AI Agents, MCP, and the Modern Framework Landscape

From agent fundamentals to the framework ecosystem and a practical implementation plan for exposing your internal tools via the Model Context Protocol (MCP).


Table of Contents

  1. How AI Agents Work
  2. Tools Are Semantic Contracts
  3. Patterns: From Workflows to Full Autonomy
  4. The Framework Ecosystem
  5. Multi-Agent Teams
  6. Reference Architectures
  7. From Zero to Production: An Implementation Plan

How AI Agents Work

An AI agent is an LLM-driven system that operates in a loop:

  1. Plan — decompose a goal into sub-tasks.
  2. Act — select and invoke one or more tools.
  3. Observe — read tool results and update internal state.
  4. Iterate — repeat until the goal is met or a stopping condition is reached.

The most foundational example of this loop is ReAct (Reasoning + Acting). Introduced by Yao et al. in 2022, ReAct interleaves chain-of-thought reasoning traces with action steps — the agent thinks out loud about what to do, calls a tool, observes the result, and reasons again. It is effectively the “Hello World” of agent architectures: nearly every modern framework (LangChain, Semantic Kernel, ADK, Agents SDK) ships a ReAct-style loop as its default agent mode. Understanding ReAct is the prerequisite for understanding everything else in this article.

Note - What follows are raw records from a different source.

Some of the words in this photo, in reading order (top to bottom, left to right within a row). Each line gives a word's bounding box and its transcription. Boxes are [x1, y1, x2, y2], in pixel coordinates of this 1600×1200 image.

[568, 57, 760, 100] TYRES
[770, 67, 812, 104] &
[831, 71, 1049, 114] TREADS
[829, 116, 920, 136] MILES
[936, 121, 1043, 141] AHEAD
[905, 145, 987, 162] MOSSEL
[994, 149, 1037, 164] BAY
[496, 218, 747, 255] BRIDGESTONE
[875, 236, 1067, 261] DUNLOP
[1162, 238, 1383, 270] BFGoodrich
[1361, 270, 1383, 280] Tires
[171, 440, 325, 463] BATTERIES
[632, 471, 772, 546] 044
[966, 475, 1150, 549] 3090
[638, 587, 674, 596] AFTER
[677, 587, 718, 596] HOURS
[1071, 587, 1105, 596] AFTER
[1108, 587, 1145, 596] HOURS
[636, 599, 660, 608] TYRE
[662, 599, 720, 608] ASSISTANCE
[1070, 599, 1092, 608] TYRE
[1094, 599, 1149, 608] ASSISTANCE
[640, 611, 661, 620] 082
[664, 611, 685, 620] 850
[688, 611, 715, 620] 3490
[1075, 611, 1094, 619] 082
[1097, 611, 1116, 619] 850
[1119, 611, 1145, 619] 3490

Optionally, agents incorporate memory (short- and long-term context) and human-in-the-loop checkpoints for safety-critical decisions.

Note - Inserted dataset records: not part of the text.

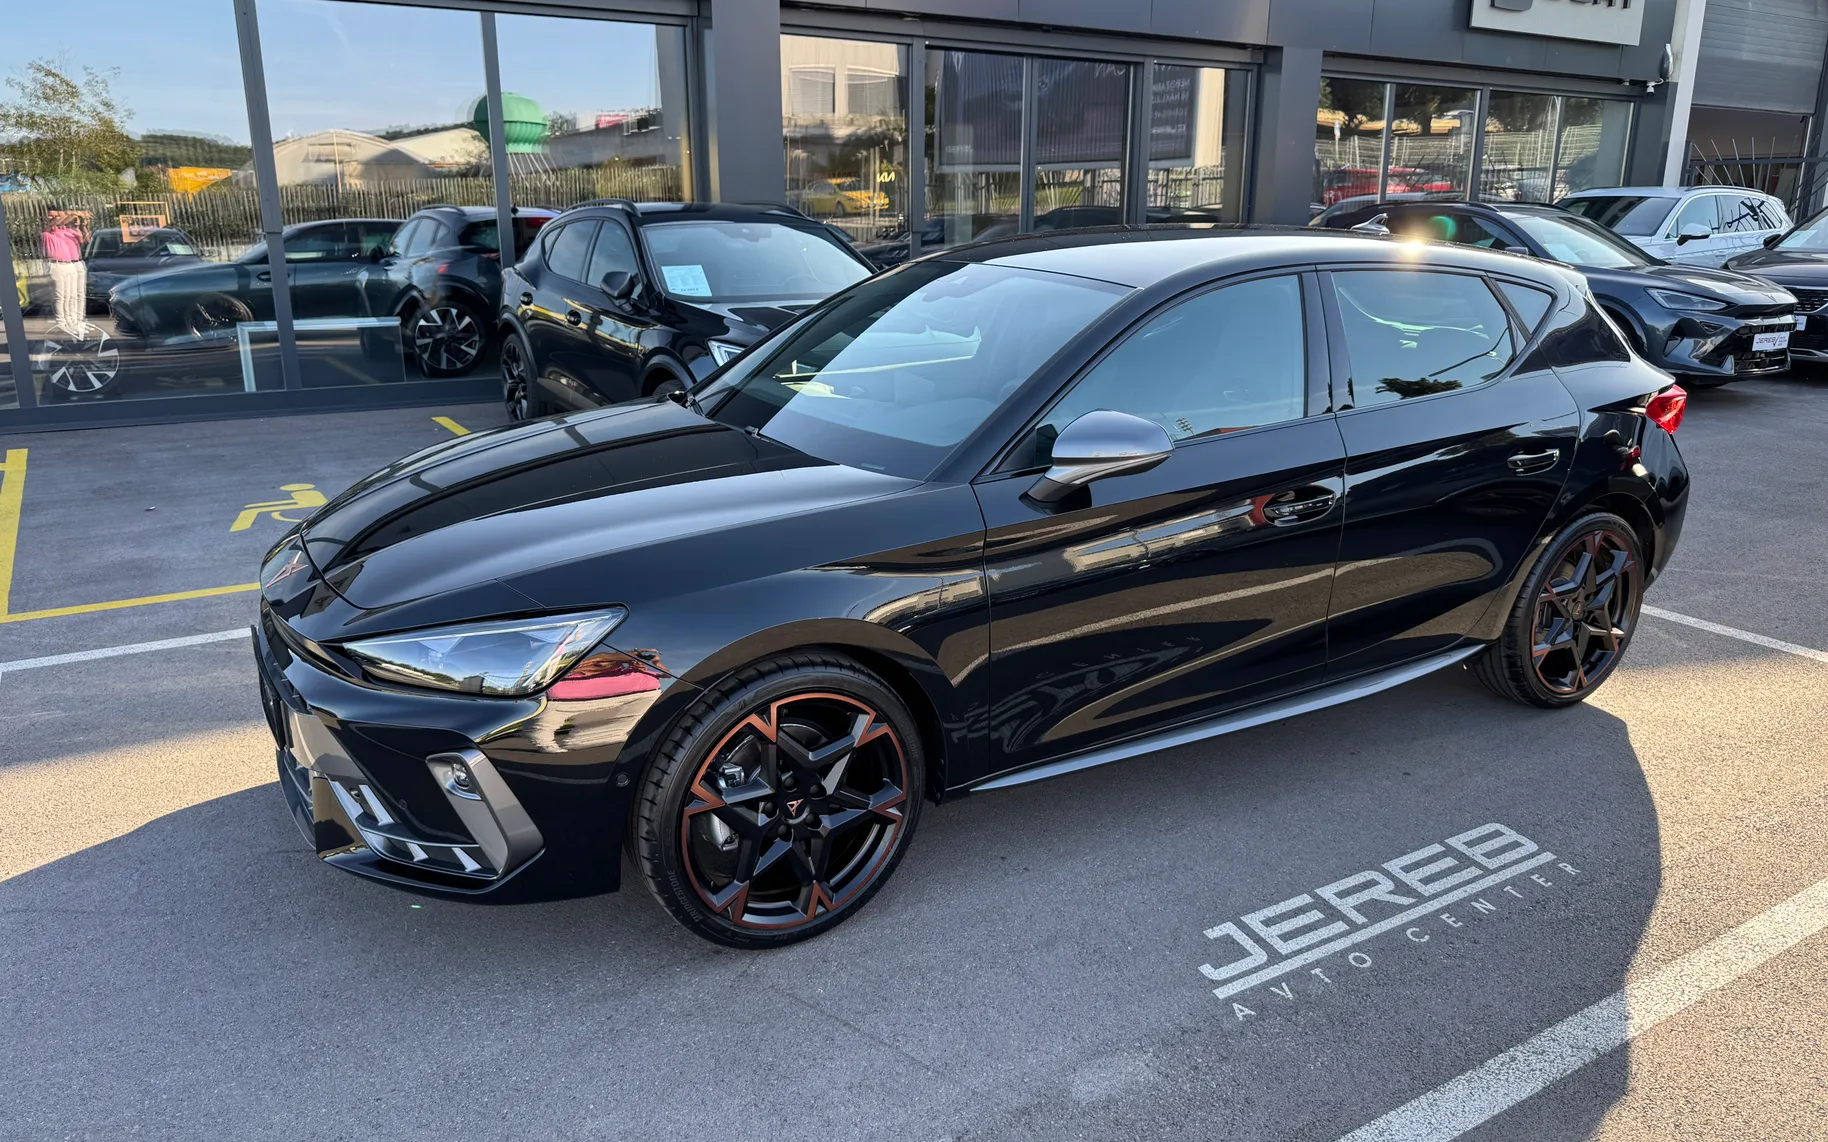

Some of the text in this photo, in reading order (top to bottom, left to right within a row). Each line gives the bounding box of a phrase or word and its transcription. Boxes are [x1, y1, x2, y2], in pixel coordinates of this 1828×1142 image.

[1198, 822, 1539, 980] JEREB
[1231, 862, 1581, 1020] AVTO CENTER
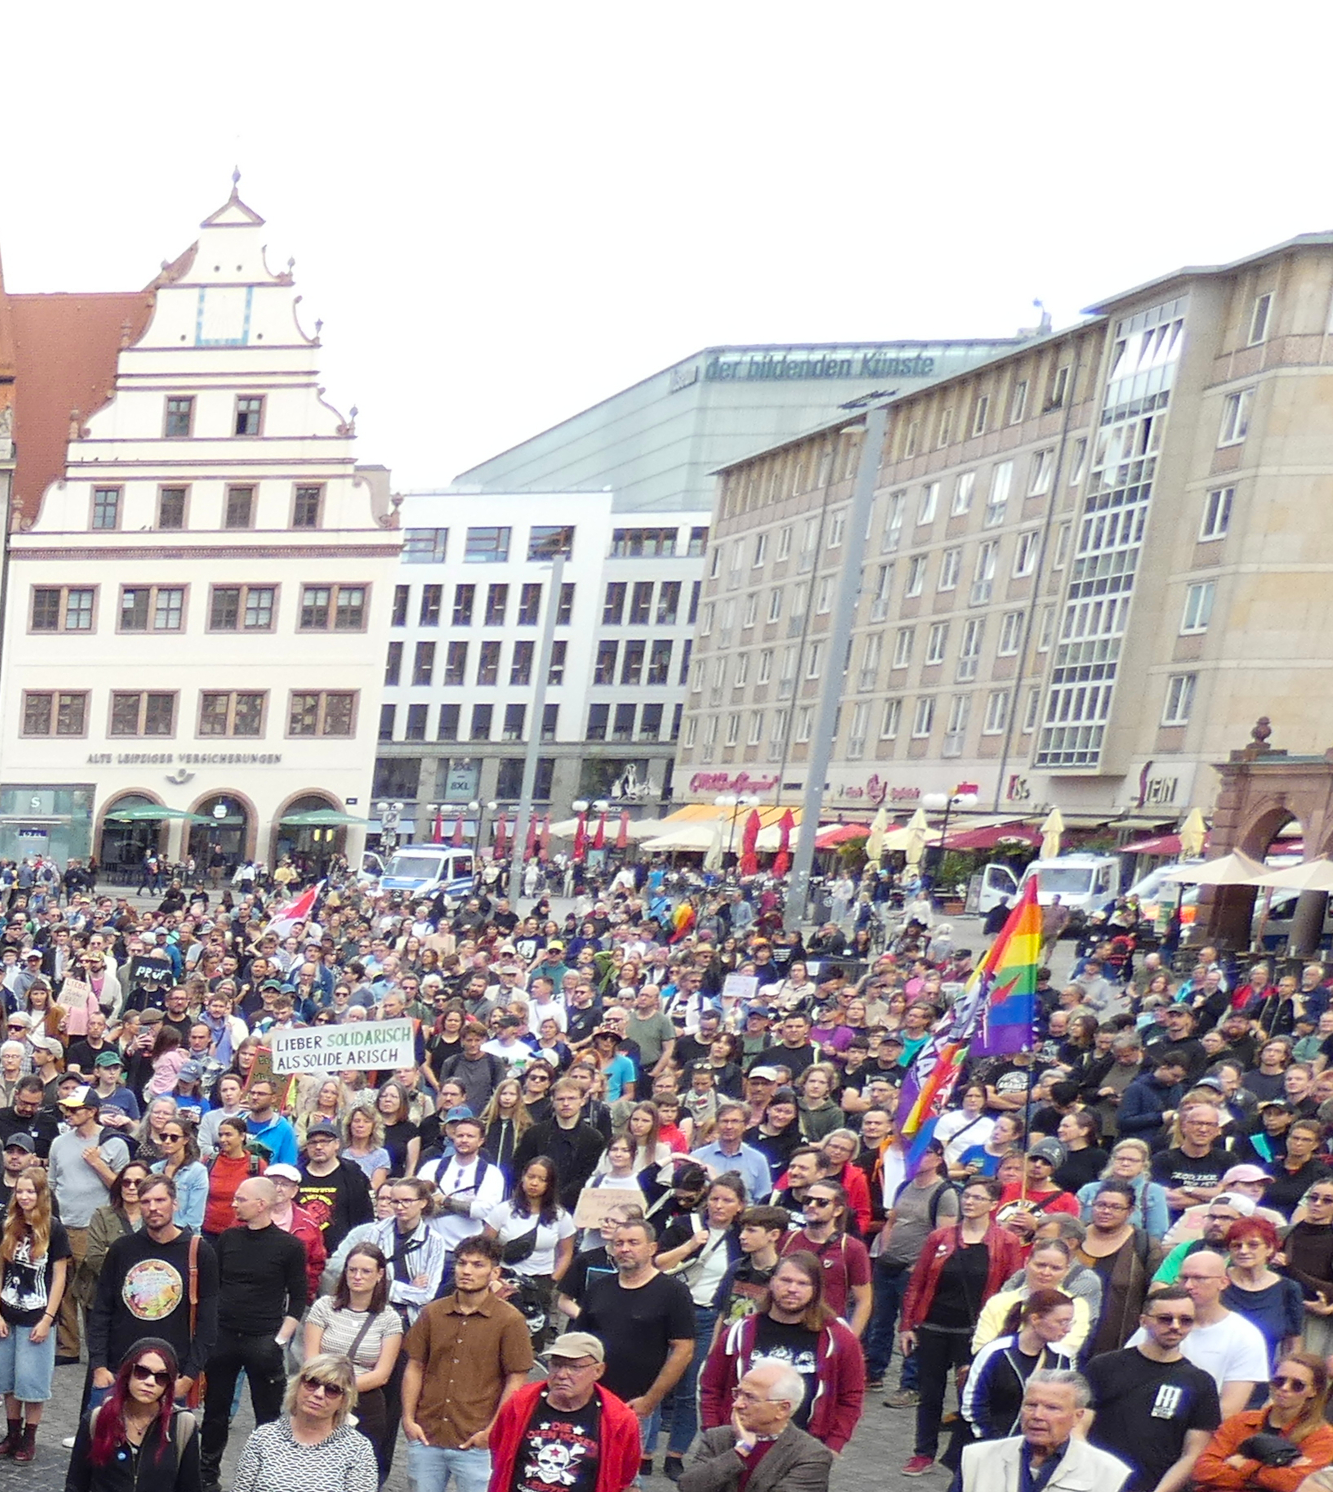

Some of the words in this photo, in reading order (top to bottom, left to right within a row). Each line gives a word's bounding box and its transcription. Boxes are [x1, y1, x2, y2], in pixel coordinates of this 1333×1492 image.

[704, 355, 742, 380] der
[746, 353, 853, 378] bildenden
[860, 351, 934, 377] Künste
[87, 753, 112, 765] ALTE
[117, 753, 173, 765] LEIPZIGER
[177, 753, 282, 765] VERSICHERUNGEN
[276, 1035, 323, 1052] LIEBER
[326, 1026, 411, 1048] SOLIDARISCH
[276, 1055, 300, 1071] ALS
[303, 1052, 343, 1068] SOLIDE
[346, 1048, 399, 1066] ARISCH

NVIDIA’s canonical decomposition remains a useful mental model:

ComponentRole
Agent CoreLLM reasoning engine that drives the loop
Memory ModulePersists context across turns and sessions
ToolsExternal capabilities the agent can invoke
Planning ModuleStrategy selection, task decomposition, re-planning

Agents vs. Workflows (Anthropic’s Distinction)

WorkflowsAgents
Control flowHard-coded DAGLLM-decided at runtime
PredictabilityHighLower — higher variance
AuditabilityStraightforwardRequires tracing
When to useKnown, repeatable processesOpen-ended or exploratory tasks

Both belong to the same agentic systems family. Production systems frequently combine deterministic workflow steps with agent-driven sub-tasks where flexibility is needed.


Tools Are Semantic Contracts

Tools are semantic contracts. An agent reads a tool’s name, description, and schema to decide whether and how to call it. If any of those signals are vague, the agent may:

  • Call the wrong tool.
  • Pass malformed inputs.
  • Misinterpret outputs and hallucinate downstream.

Anthropic’s research on writing tools for agents shows that treating tools like developer-facing products measurably improves completion rates and reduces token waste:

PrincipleWhat It Means in Practice
Strict schemasTyped inputs/outputs with required vs. optional fields clearly marked
Helpful truncationLarge payloads are summarized; callers can request detail on demand
Clear error hintsError messages tell the agent what to do next, not just what failed
NamespacingTool names scoped to a domain (e.g., legal.searchCases) to avoid collisions
PaginationBounded result sets with cursors, preventing context-window overflows
EvaluationsAutomated test suites that measure agent success rate per tool

Patterns: From Workflows to Full Autonomy

These patterns sit on a spectrum from fully deterministic to fully autonomous. Choose based on the level of control and variance your use case demands:

PatternDescriptionControl Level
Prompt ChainingSequence of LLM calls; each step’s output feeds the next. Optional quality gates between steps.High
RoutingA classifier directs input to specialized prompts or tool sets.High
ParallelizationMultiple LLM calls run concurrently — either sectioning (split task) or voting (same task, consensus).Medium
Orchestrator–WorkersA manager agent dynamically decomposes a task, delegates to worker agents, and synthesizes results.Medium–Low
Evaluator–OptimizerOne agent generates; another critiques; the loop refines until quality criteria are met.Low

Rule of thumb (Anthropic): Start with the simplest pattern that solves the problem. Escalate to full agent loops only when the task genuinely requires dynamic decision-making.

Real-World Example: GitHub Copilot in VS Code

GitHub Copilot’s coding agent in VS Code is a good illustration of how these patterns combine in a shipping product:

  1. Routing — When you type a message, Copilot classifies intent: is this an inline completion, a chat question, or a multi-file edit? Each routes to a different pipeline.
  2. Orchestrator–Workers — In agent mode, Copilot receives a high-level task (e.g., “add input validation to the signup form”), breaks it into sub-tasks, and delegates each to specialized tool calls: read files, grep for symbols, run terminal commands, apply edits, run tests.
  3. Evaluator–Optimizer — After making changes, the agent runs linters, tests, or type-checkers. If something fails, it reads the error output, reasons about the fix, and iterates — a generate → evaluate → refine loop.
  4. Prompt Chaining with gates — Each step’s output gates the next. If a file read returns unexpected content, the agent re-plans rather than blindly proceeding.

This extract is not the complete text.